§ Action item
A faithful copy of every record is needed here. Images must not appear in it.

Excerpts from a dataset
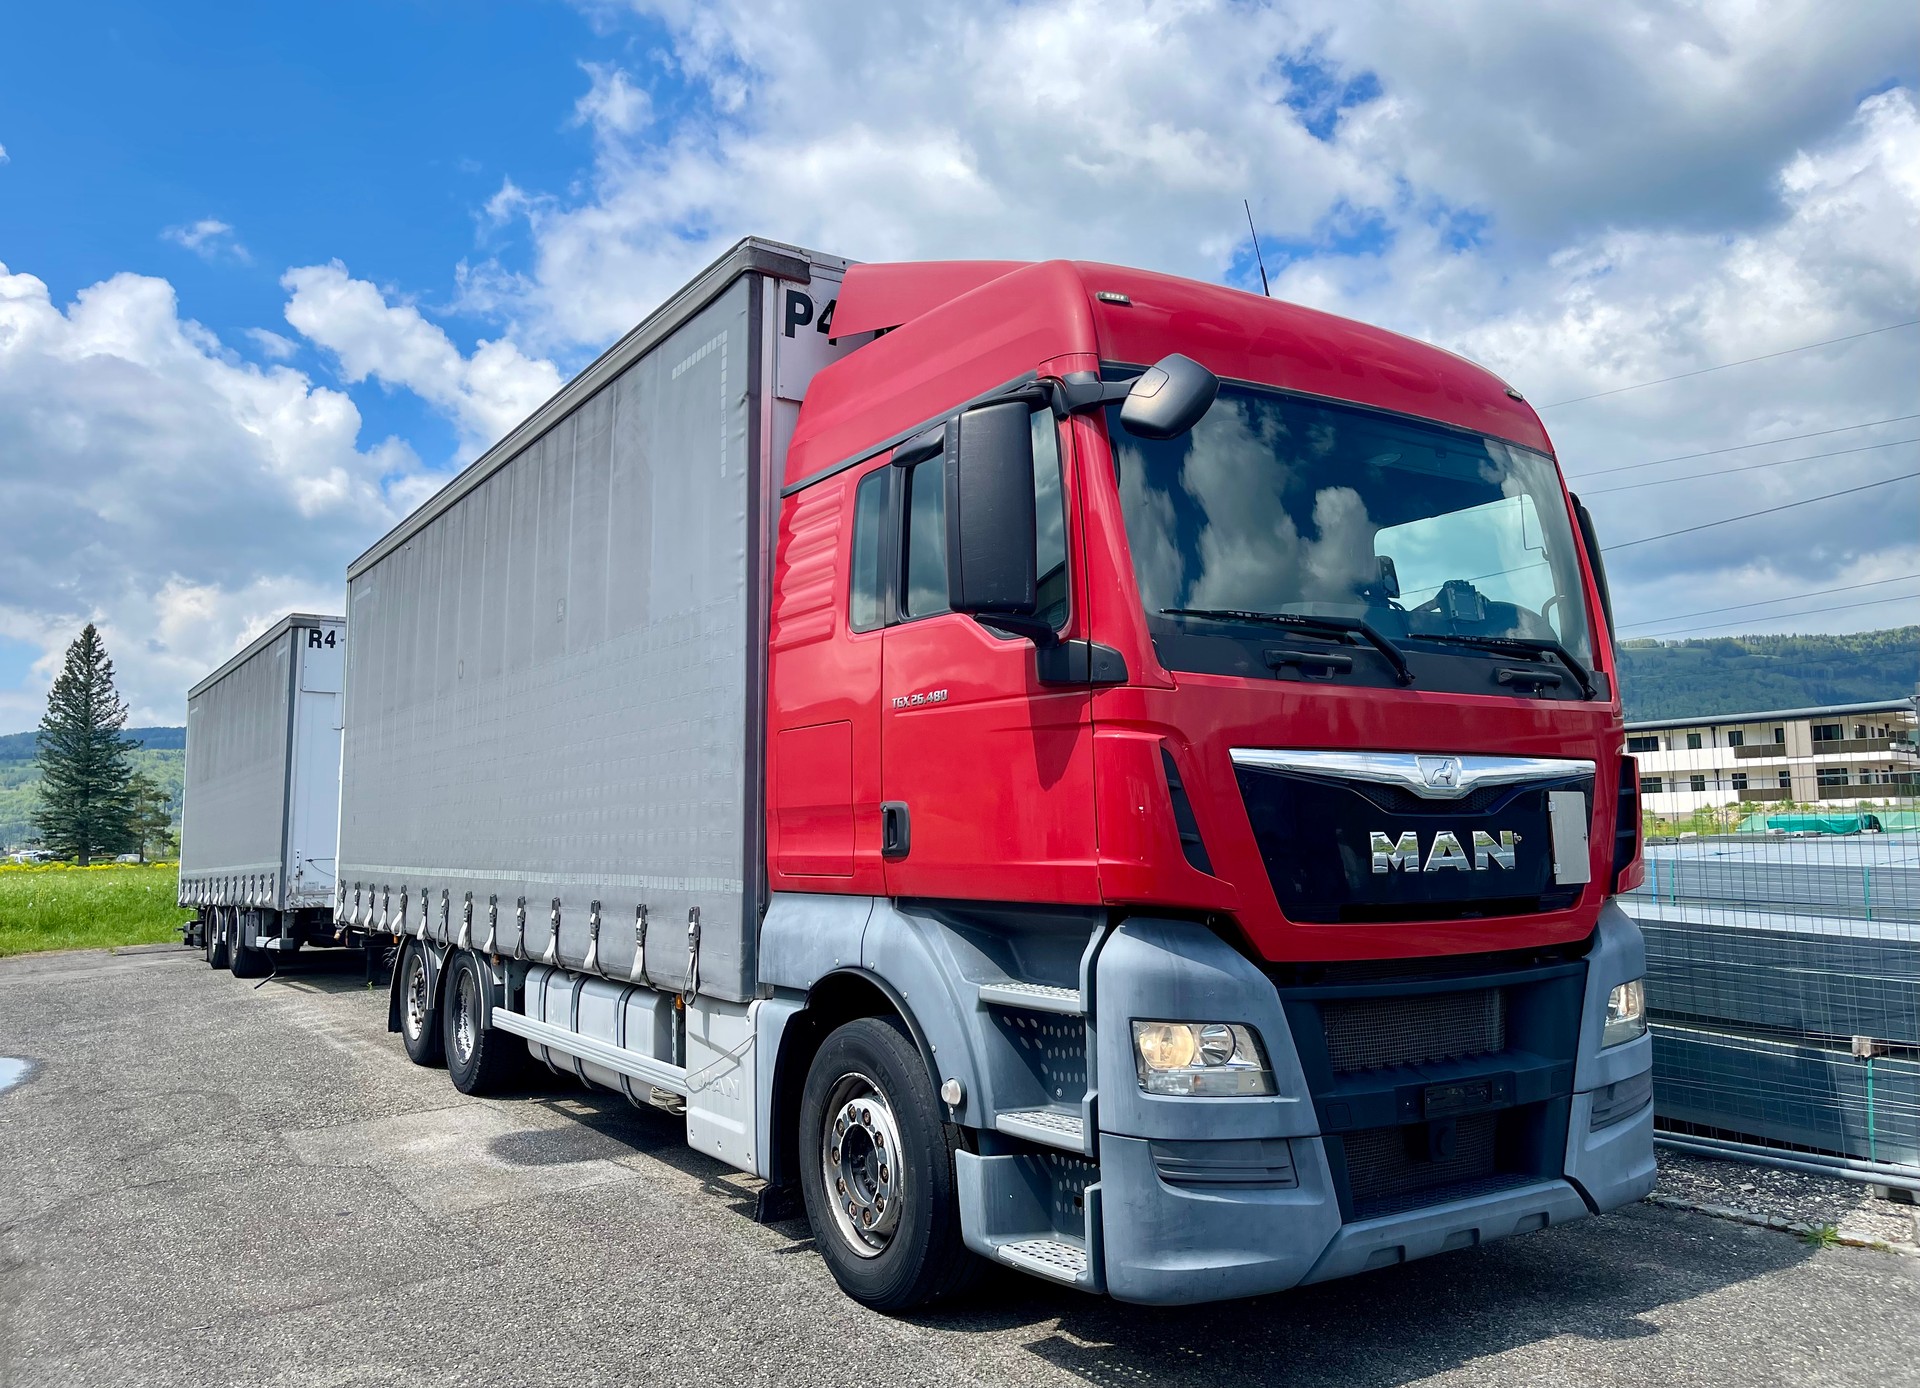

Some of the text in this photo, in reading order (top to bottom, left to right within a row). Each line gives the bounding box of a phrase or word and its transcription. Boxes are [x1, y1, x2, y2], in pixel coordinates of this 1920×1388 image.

[308, 629, 336, 648] R4
[892, 696, 910, 709] TGX
[1369, 830, 1515, 873] MAN
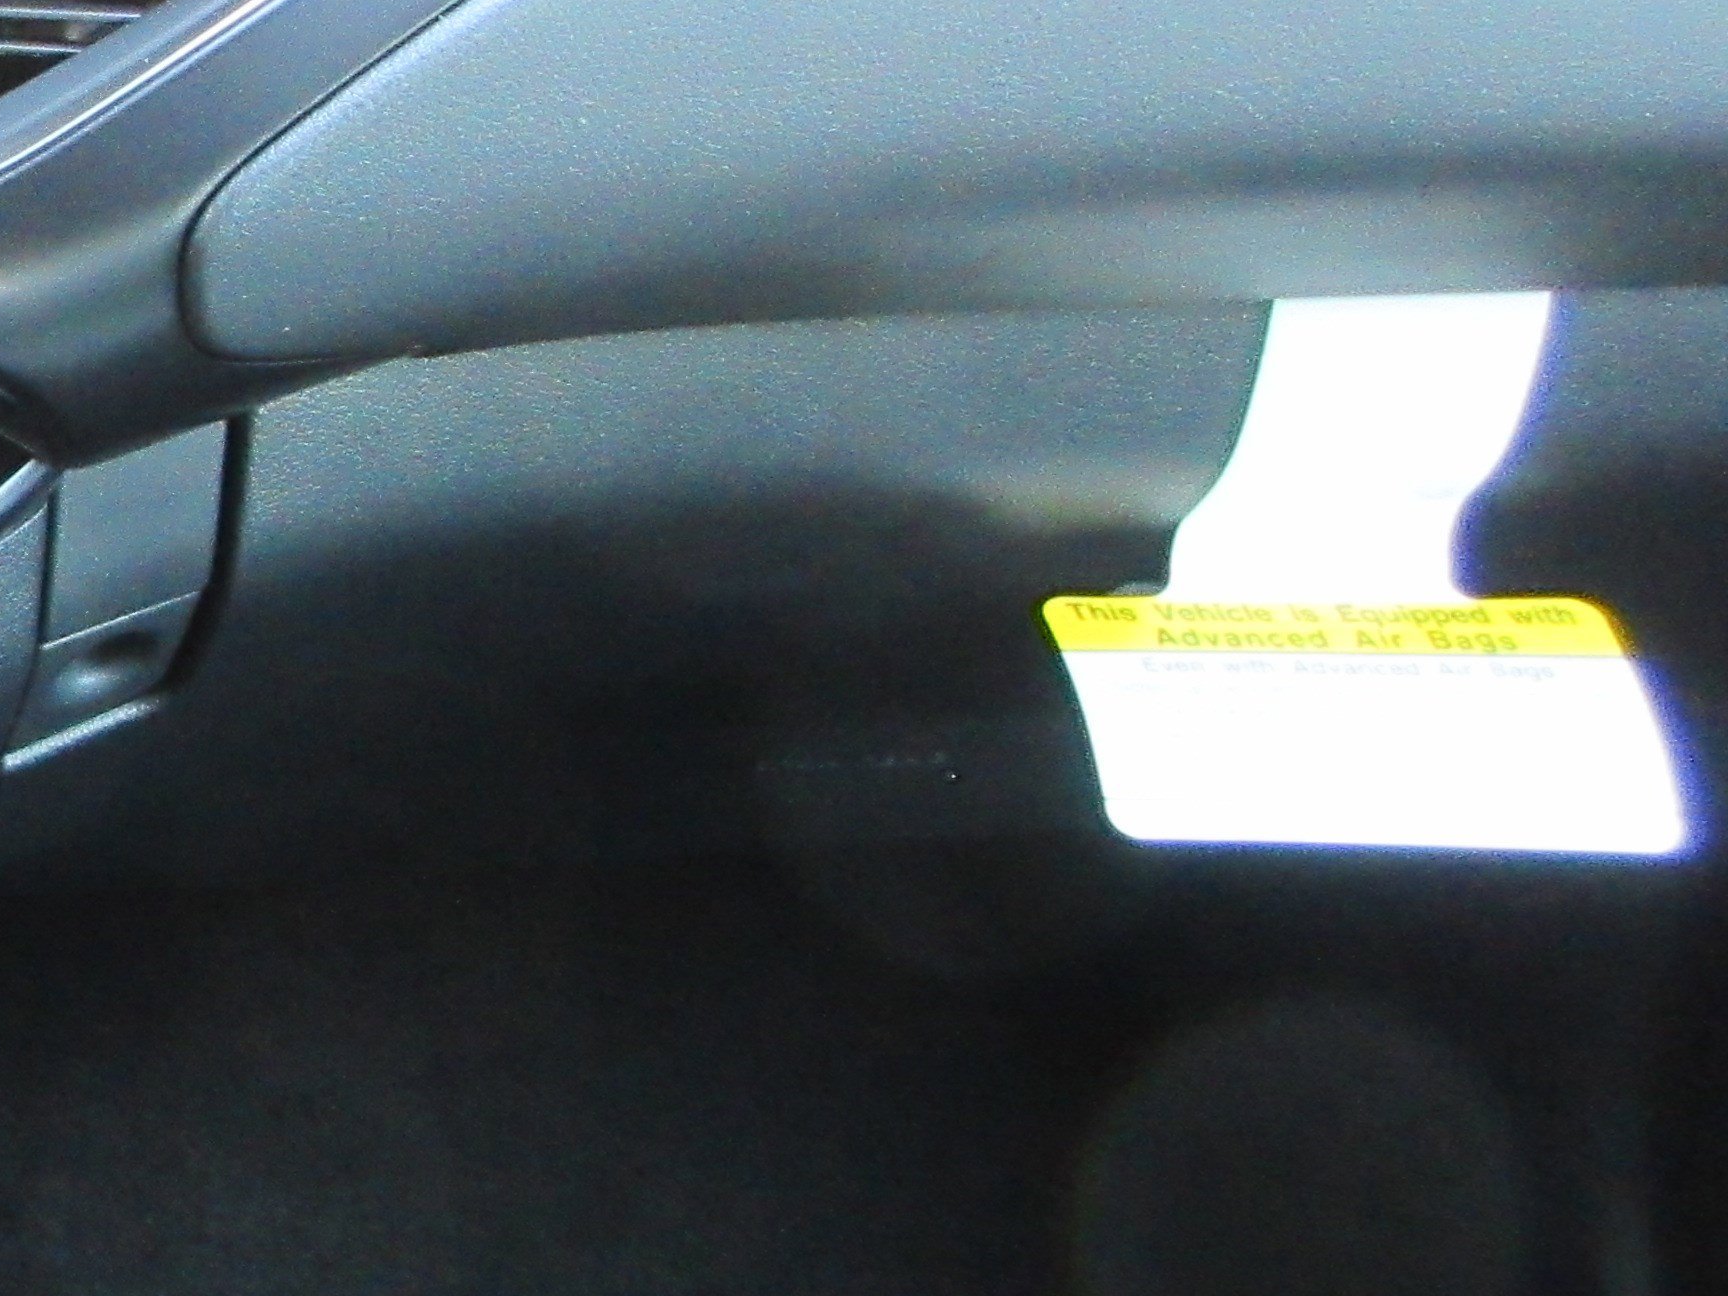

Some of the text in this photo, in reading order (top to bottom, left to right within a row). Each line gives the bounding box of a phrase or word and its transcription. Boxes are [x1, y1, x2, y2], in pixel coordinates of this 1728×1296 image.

[1065, 601, 1139, 621] This
[1152, 601, 1273, 623] Vehicle
[1335, 603, 1491, 628] Equipped
[1510, 604, 1578, 625] with
[1156, 627, 1519, 655] Advanced Air Bags
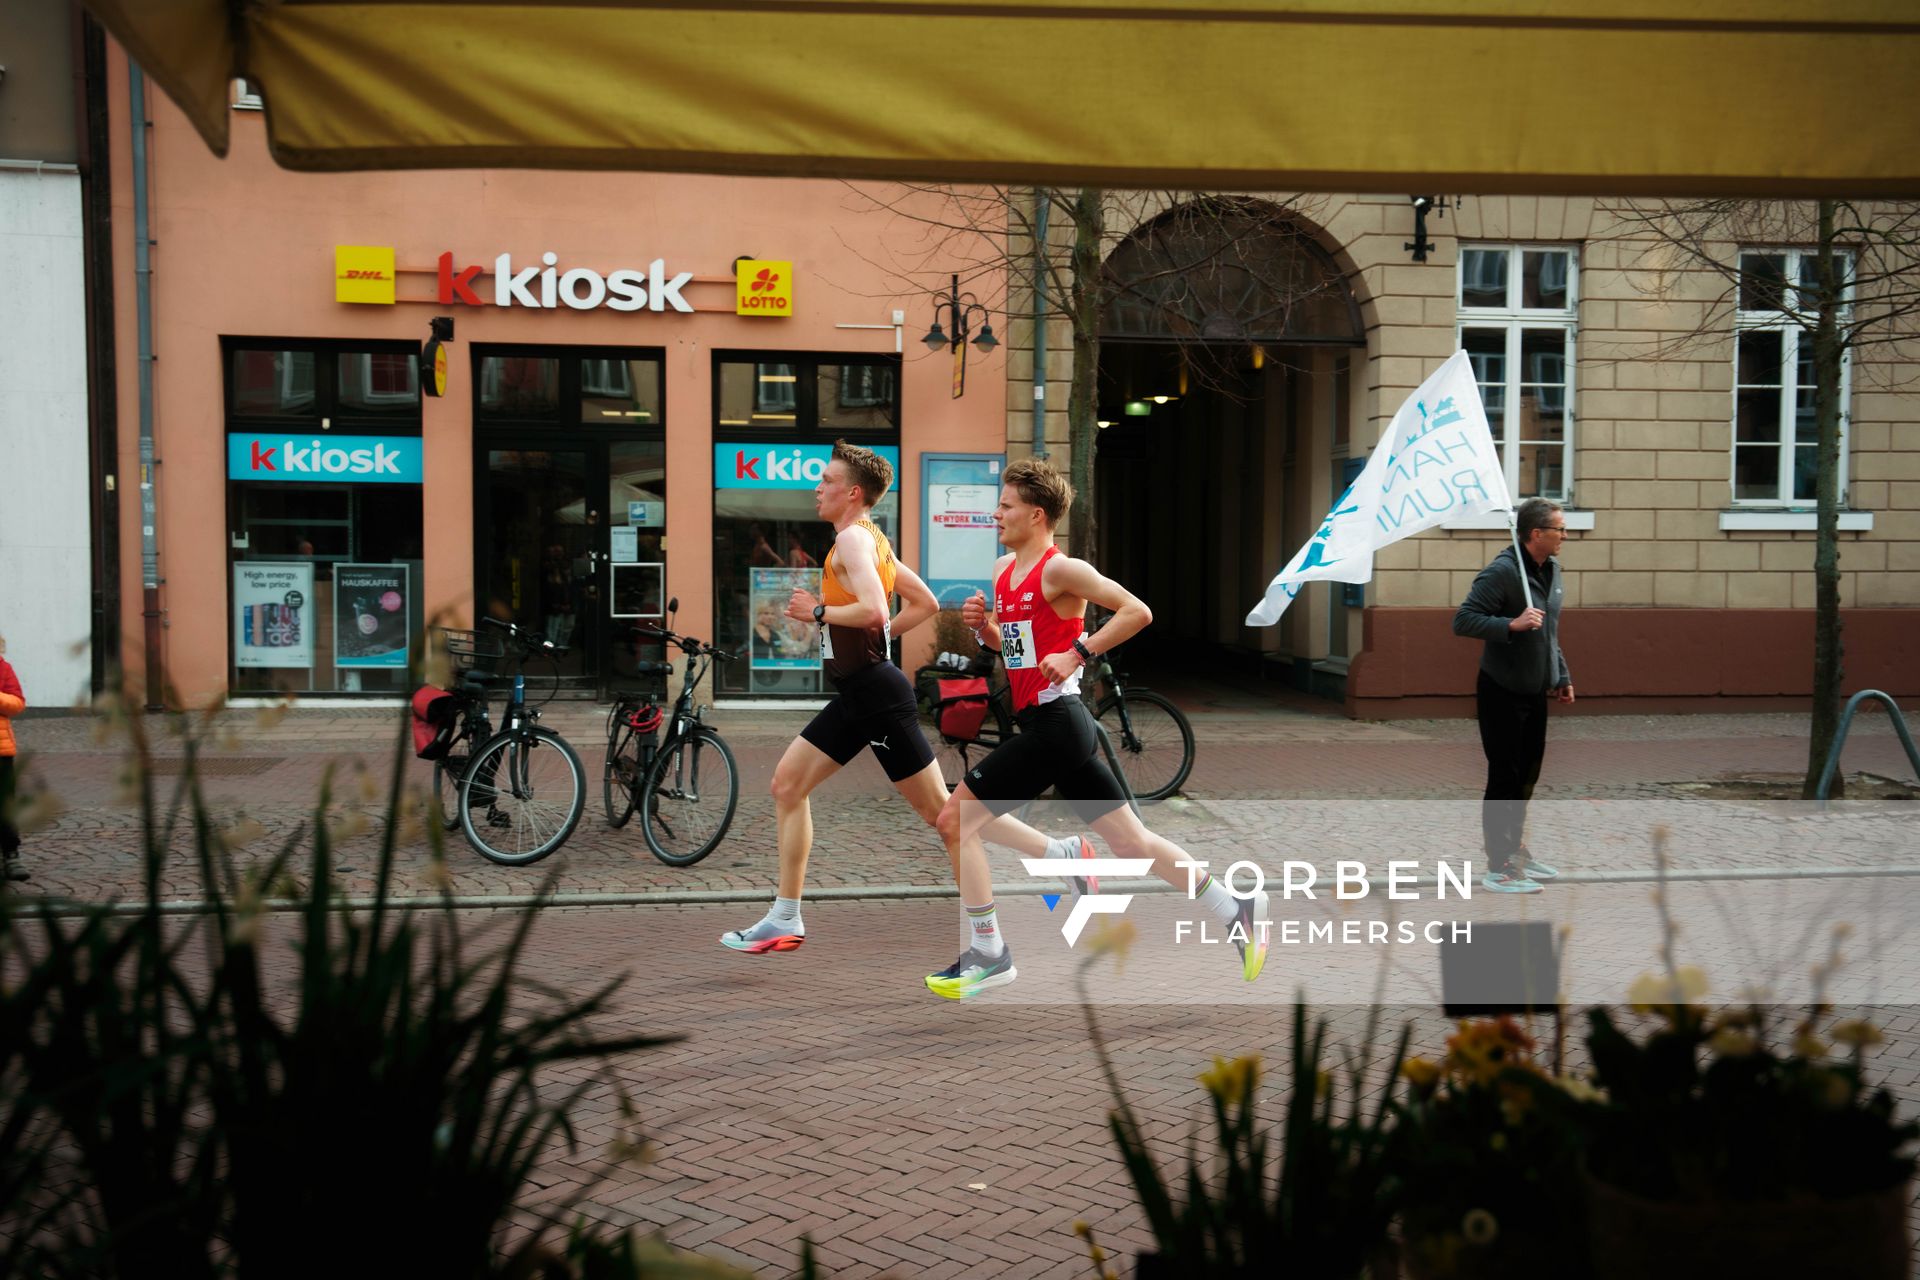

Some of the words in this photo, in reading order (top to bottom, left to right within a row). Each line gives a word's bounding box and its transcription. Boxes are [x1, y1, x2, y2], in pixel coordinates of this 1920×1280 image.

§ Finished task
Some of the text in this photo, in reading order (top to bottom, left to right within a row). Each line gives the bounding box of a phrase or word and its transcription. Boxes are [x1, y1, x2, y2], in pixel coordinates of this 1920×1388 image.

[308, 629, 336, 648] R4
[892, 696, 910, 709] TGX
[1369, 830, 1515, 873] MAN

Some of the text in this photo, in reading order (top to bottom, left to right within a row). Each line gives the bounding box of a phrase or word and its transcription. Boxes are [x1, y1, x2, y2], in pixel coordinates of this 1728×1296 image.

[1065, 601, 1139, 621] This
[1152, 601, 1273, 623] Vehicle
[1335, 603, 1491, 628] Equipped
[1510, 604, 1578, 625] with
[1156, 627, 1519, 655] Advanced Air Bags

Some of the words in this photo, in reading order (top to bottom, left to right within a row). Each line gives a word's bounding box and its transcription. Boxes are [x1, y1, x2, y2], in pixel coordinates of this 1920×1280 image.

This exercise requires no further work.